Senator Barack Obama recently proved that when it comes to the life issues and marriage, he represents a point of view that is in stark contrast to what the Catholic Church teaches about these subjects.

For instance, in a debate he had with Senator Hillary Clinton on February 26, MSNBC moderator Tim Russert asked both presidential candidates whether there was “any word or vote that you’d like to take back” in your “careers in public service.” Senator Obama cited his role in a unanimous decision by the U.S. Senate regarding the Terri Schiavo case. He said it was “a mistake” for the Congress “to interject itself into that decision-making process of the families” to settle her fate.

Not surprisingly, we jumped on this remark. “So now we know that Obama thinks it was a mistake—the biggest mistake he’s ever made in public life—to allow Schiavo’s parents the right to petition a federal court over the withdrawal of food and medical services necessary to save her life.”

Never mind that the vote was merely procedural: it simply allowed the patient’s parents the right to ask for federal review, never guaranteeing a particular outcome. Moreover, the bill was case specific—it had no bearing on any case other than Schiavo’s, and it explicitly said that “nothing in this Act shall constitute a precedent with respect to future legislation.” Yet Obama now says his vote “was not something I was comfortable with, but it was not something that I stood on the floor and stopped.” How revealing.

We also pointed out something that most people are wholly unaware of, namely, his support for selective infanticide. “Just as important as what Obama said is what he didn’t say: He could have taken the opportunity to say that the biggest blunder of his career in public life was his vote to kill a bill in the Illinois legislature that would have provided medical care for infants who survive abortions. In 2003, while chairman of the Health and Human Services Committee of the Illinois Senate, he led the fight to oppose a bill that would have mandated health care for a baby who survived an abortion, and he did so even though the bill explicitly said it would not imperil Roe v. Wade.”

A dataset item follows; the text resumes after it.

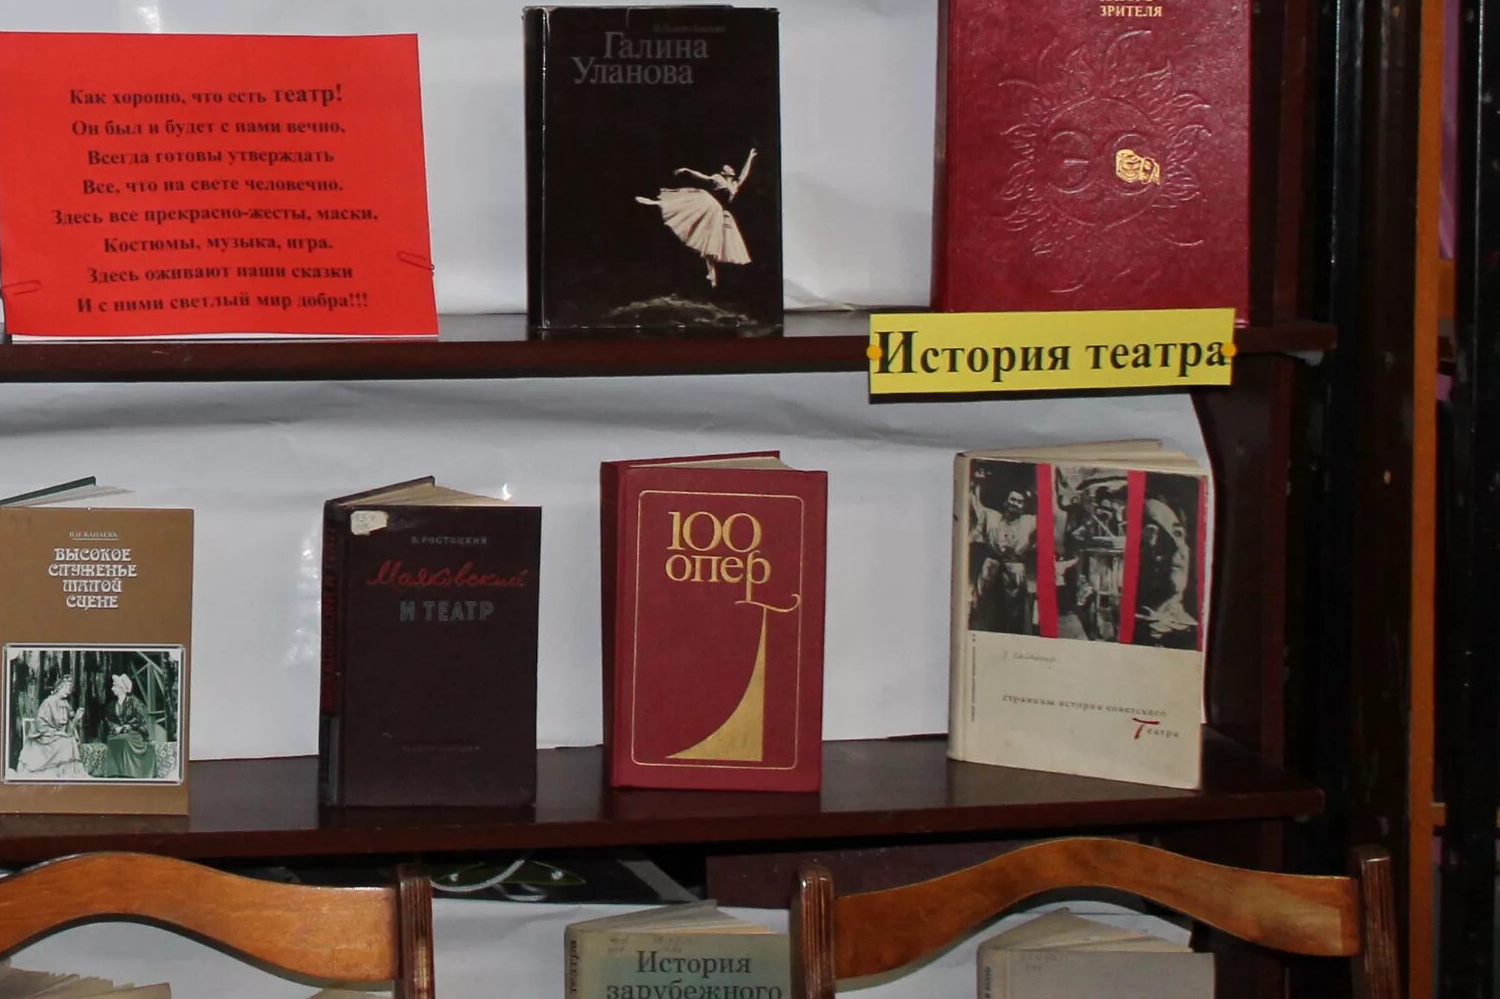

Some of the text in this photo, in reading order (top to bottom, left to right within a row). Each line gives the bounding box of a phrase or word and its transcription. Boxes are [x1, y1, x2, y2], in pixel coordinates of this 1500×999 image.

If this wasn’t bad enough, on March 2, Obama told a crowd at Hocking College in Nelsonville, Ohio that he believes the Sermon on the Mount justifies his support for legal recognition of same-sex unions. He also told the gathering that his support for legalized abortion does not make him “less Christian.”

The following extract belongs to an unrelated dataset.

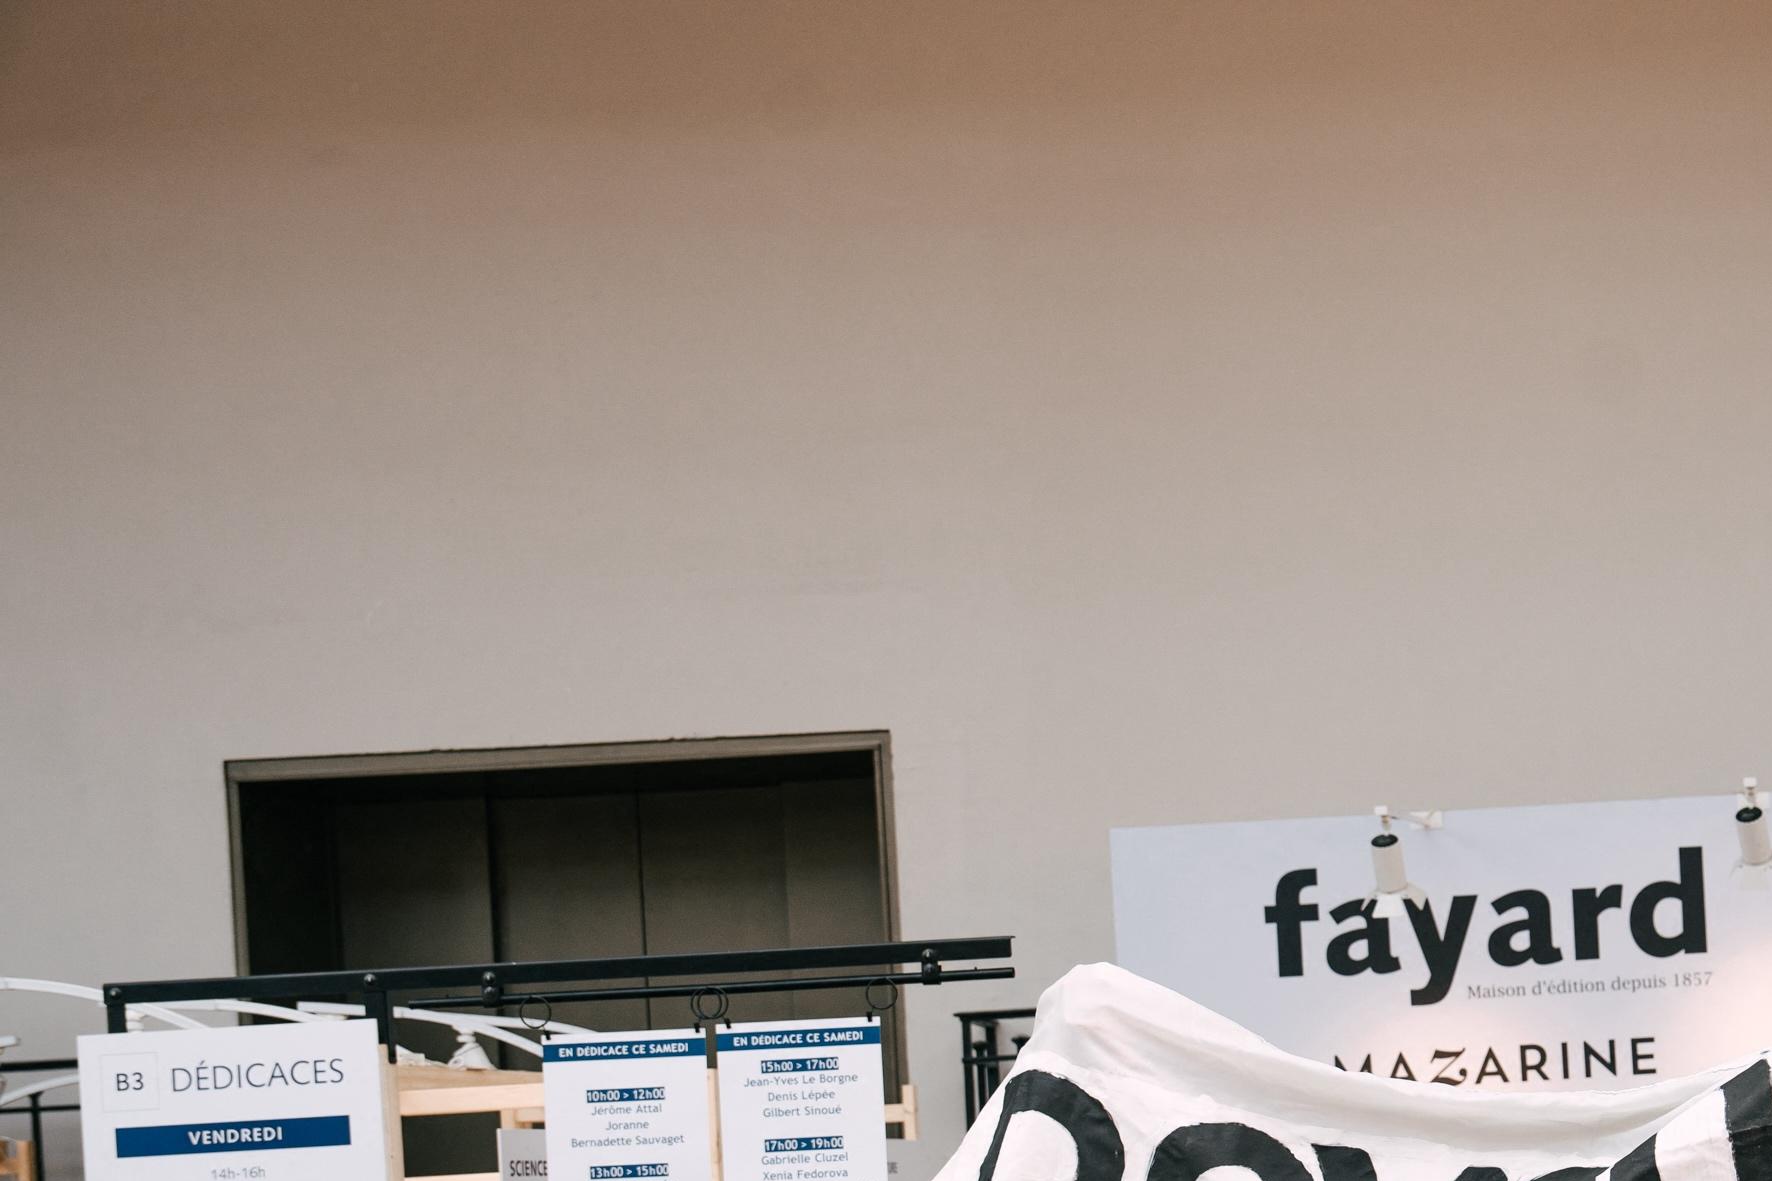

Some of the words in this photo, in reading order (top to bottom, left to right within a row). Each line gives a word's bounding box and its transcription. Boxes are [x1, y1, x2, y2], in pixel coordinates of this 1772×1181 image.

Obama laid down a challenge to those who think gay civil unions shouldn’t be legal. “If people find that controversial then I would just refer them to the Sermon on the Mount, which I think is, in my mind, for my faith, more central than an obscure passage in Romans.” He was referring to St. Paul’s Epistle to the Romans condemning homosexuality.

In the media, Catholic League director of communications Kiera McCaffrey took Obama apart for grounding his support for gay unions in the Bible.

So when it comes to the beginning of life, Obama thinks it is okay to let a fully born baby die on a hospital table without any doctor or nurse attending to his needs. When it comes to the end of life, he thinks it is a grave mistake for the state to intervene in saving the life of a person who is intentionally being starved to death. And when it comes to marriage, he basically wants to give gays the same rights as married couples, short of calling it marriage.

To top it off, Obama claims that all of his positions are in harmony with Christian teaching. The Illinois senator is a member of the United Church of Christ, the same church that Barry Lynn of Americans United for Separation of Church and State belongs to. It is not for nothing that its enrollment has plummeted over the past few decades.